Source text: Surgeon General Joseph K. Barnes, United States Army, The Medical and Surgical History of the War of the Rebellion. (1861–65.), Part 1, Volume 2 (Washington, D.C.: Government Printing Office, 1870), 248.

Keywords:on special wounds and injuries of the headwounds and injuries of the headgunshot woundsgunshot fractures of the cranial bonesremoval of fragments after gunshot fractures of the skullfatal cases of gunshot fractures of the skull treated by the removal or elevation fragmentstreated by operation, not by formal trephiningextent of injury ascertained with precision, organic alterations accurately observedconoidal ball fractured and depressed frontal bone over left orbit, tore off portion of external tableflesh wound of thighcoma, pupils contractedportion of musket ball and depressed fragments of bone removed from anterior lobe of brainportion of inner table depressedmeninges bathed in pusabscess in anterior portion of left hemisphere of brainpost-mortem examination performed

Civil War Washington ID: med.d1e16309

TEI/XML: med.d1e16309.xml


CASE.—Private Foster H. B——, Co.

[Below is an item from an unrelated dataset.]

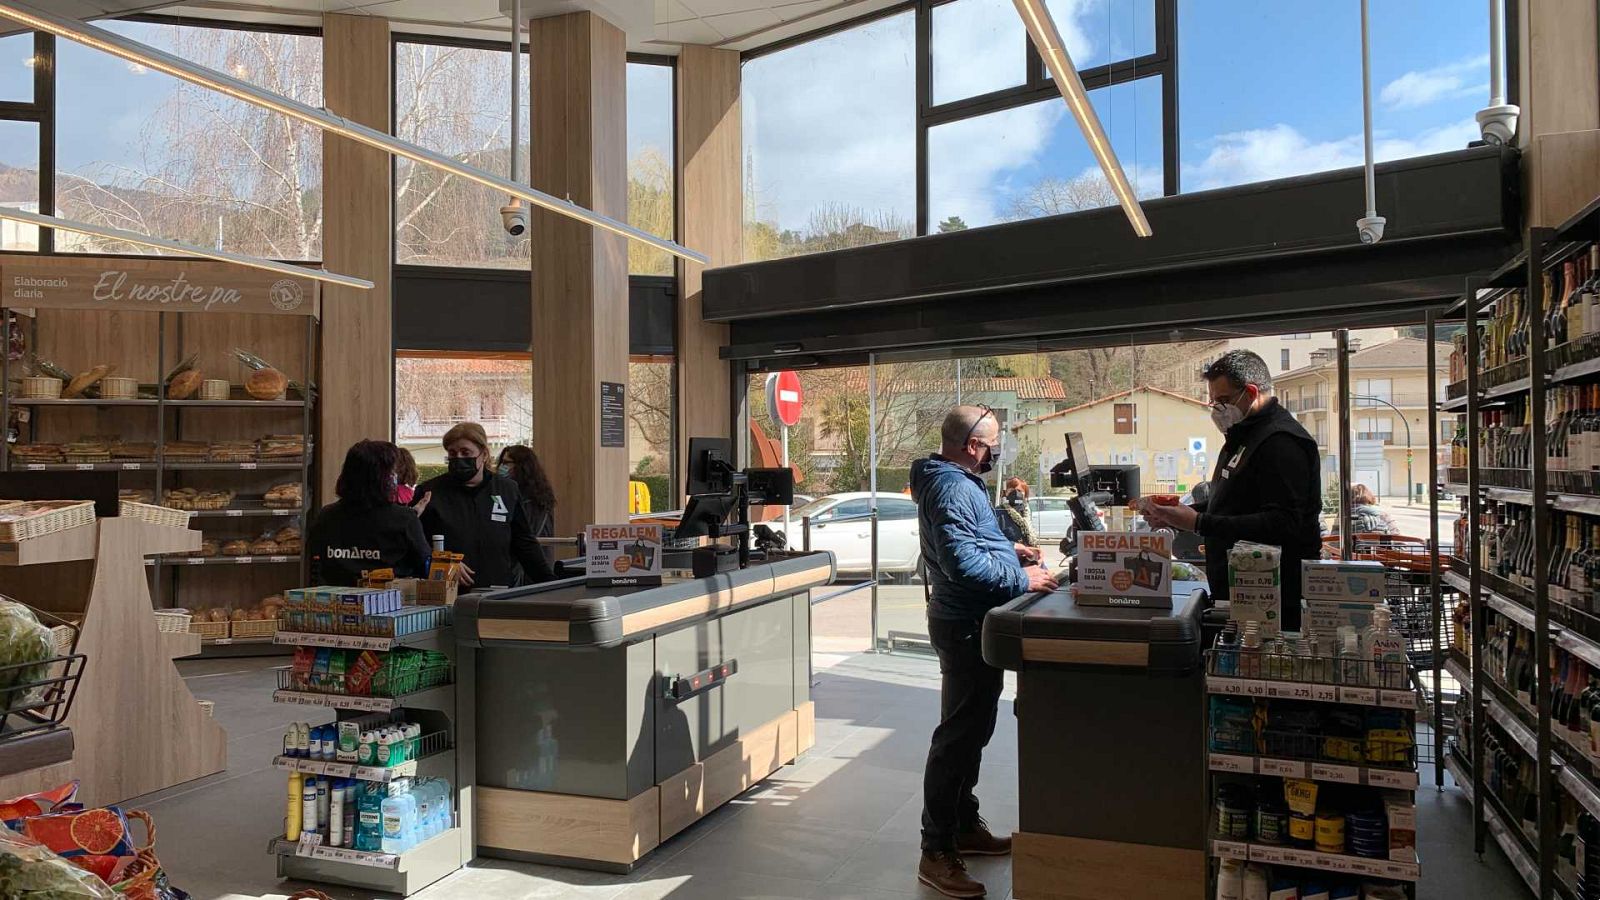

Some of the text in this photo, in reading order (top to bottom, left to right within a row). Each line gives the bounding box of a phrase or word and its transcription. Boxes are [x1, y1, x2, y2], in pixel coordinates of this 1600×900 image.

E, 7th Michigan Volunteers, aged 20 years, was wounded at Ream's Station, Virginia, August 25th, 1864, by a conoidal ball, which fractured and depressed the frontal bone over the left orbit, tearing off a portion of the external table two and a quarter inches in length, and nearly an inch in width. In the same engagement he received a flesh wound of thigh. He was taken to the 2d division, Second Corps, hospital, where a portion of both tables was removed by Surgeon G. Chaddock, 7th Michigan Volunteers. On the 28th, he was conveyed to Washington, and admitted to the Lincoln Hospital. Two days later he became delirious. Coma supervened on September 1st, and the pupils contracted. On the 3d, while the coma still existed, Acting Assistant Surgeon T. F. Betton made an elliptical incision through the integuments, and removed a portion of a musket ball and several depressed fragments of bone from the anterior lobe of the brain. The wound was cleansed, and the edges brought together and united by straps of adhesive plaster. The operation failed to relieve the coma, and patient died the same day. The post-mortem examination revealed a portion of the inner table, about the size of a dime, depressed; the meninges of the brain were bathed in pus, and a large abscess existed in the anterior portion of the left hemisphere, the substance of the brain surrounding it being very much softened. The pathological specimen is No. 2078, Sect. I, A. M. M., and was contributed, with the history, by Acting Assistant Surgeon H. M. Dean.